**Your objective**
Make a verbatim copy of all the records. Skip every image.

**Extracted material**
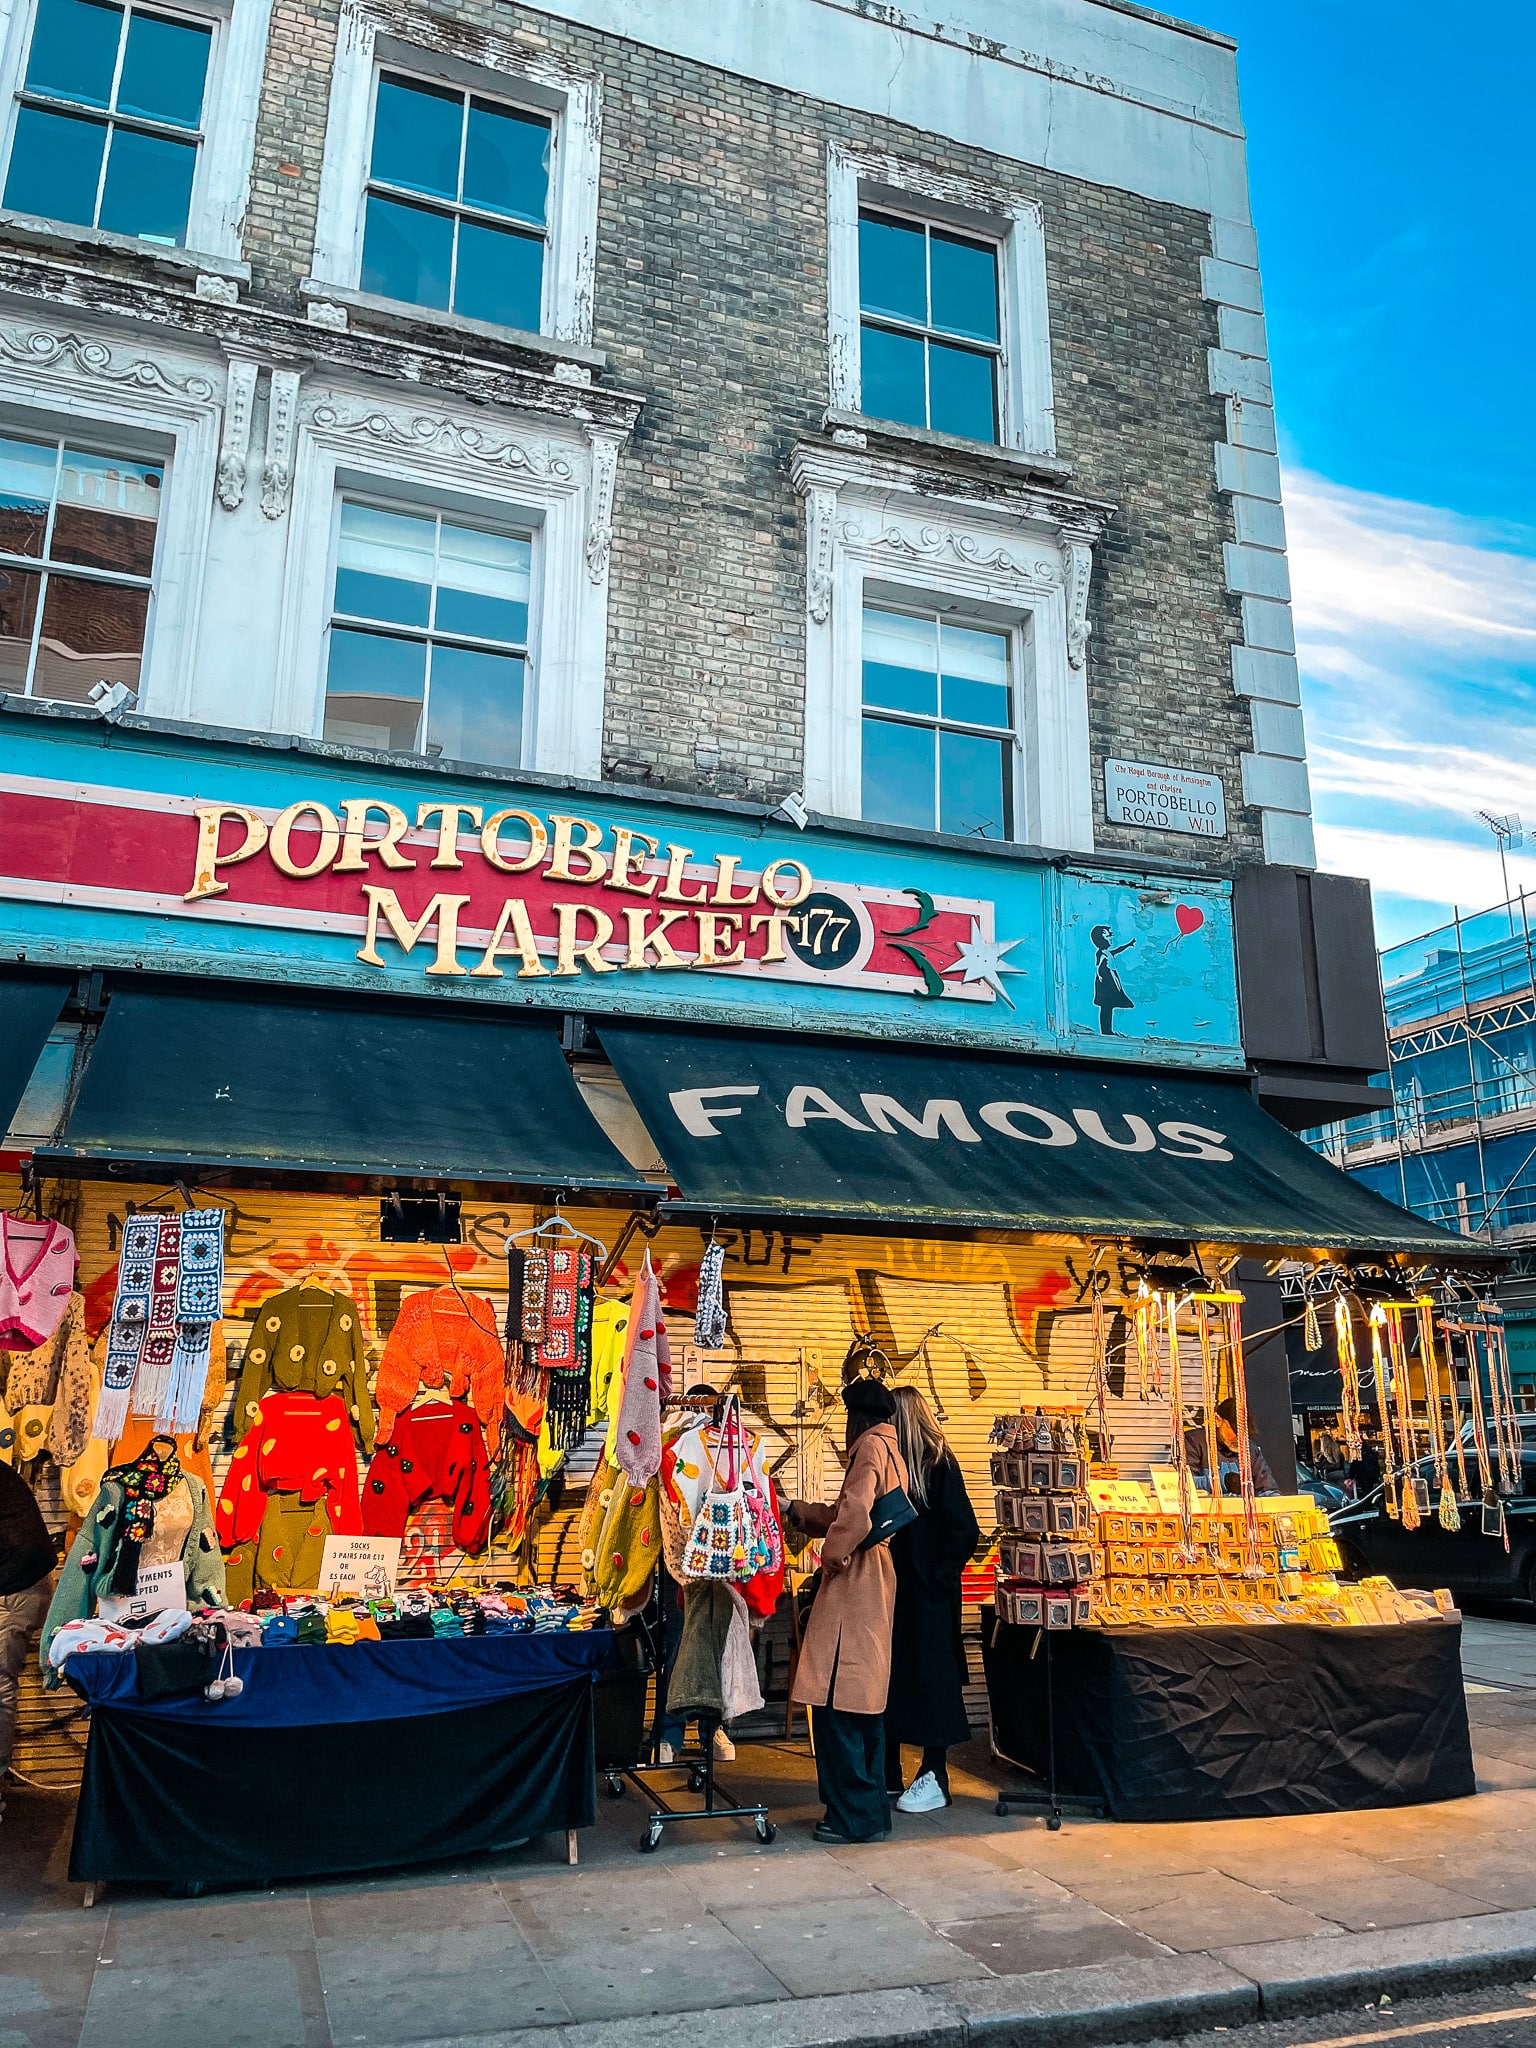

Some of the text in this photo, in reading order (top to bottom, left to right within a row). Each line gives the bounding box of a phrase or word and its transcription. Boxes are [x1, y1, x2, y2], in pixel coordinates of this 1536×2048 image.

[1115, 765, 1126, 773] The
[1128, 766, 1144, 778] Royal
[1147, 769, 1170, 781] Borough
[1181, 774, 1212, 787] Kensington
[1147, 782, 1182, 794] and Chelsea
[1117, 787, 1217, 815] PORTOBELLO
[183, 798, 813, 909] PORTOBELLO
[355, 883, 800, 978] MARKET
[797, 908, 851, 956] 177
[669, 1086, 1234, 1162] FAMOUS
[338, 1552, 358, 1560] PAIRS
[350, 1542, 370, 1550] SOCKS
[137, 1569, 173, 1584] YMENTS
[340, 1573, 356, 1581] EACH

**Answer to the exercise**
Some of the text in this photo, in reading order (top to bottom, left to right within a row). Each line gives the bounding box of a phrase or word and its transcription. Boxes are [x1, y1, x2, y2], in pixel coordinates of this 1536×2048 image.

[1115, 765, 1126, 773] The
[1128, 766, 1144, 778] Royal
[1147, 769, 1170, 781] Borough
[1181, 774, 1212, 787] Kensington
[1147, 782, 1182, 794] and Chelsea
[1117, 787, 1217, 815] PORTOBELLO
[183, 798, 813, 909] PORTOBELLO
[355, 883, 800, 978] MARKET
[797, 908, 851, 956] 177
[669, 1086, 1234, 1162] FAMOUS
[338, 1552, 358, 1560] PAIRS
[350, 1542, 370, 1550] SOCKS
[137, 1569, 173, 1584] YMENTS
[340, 1573, 356, 1581] EACH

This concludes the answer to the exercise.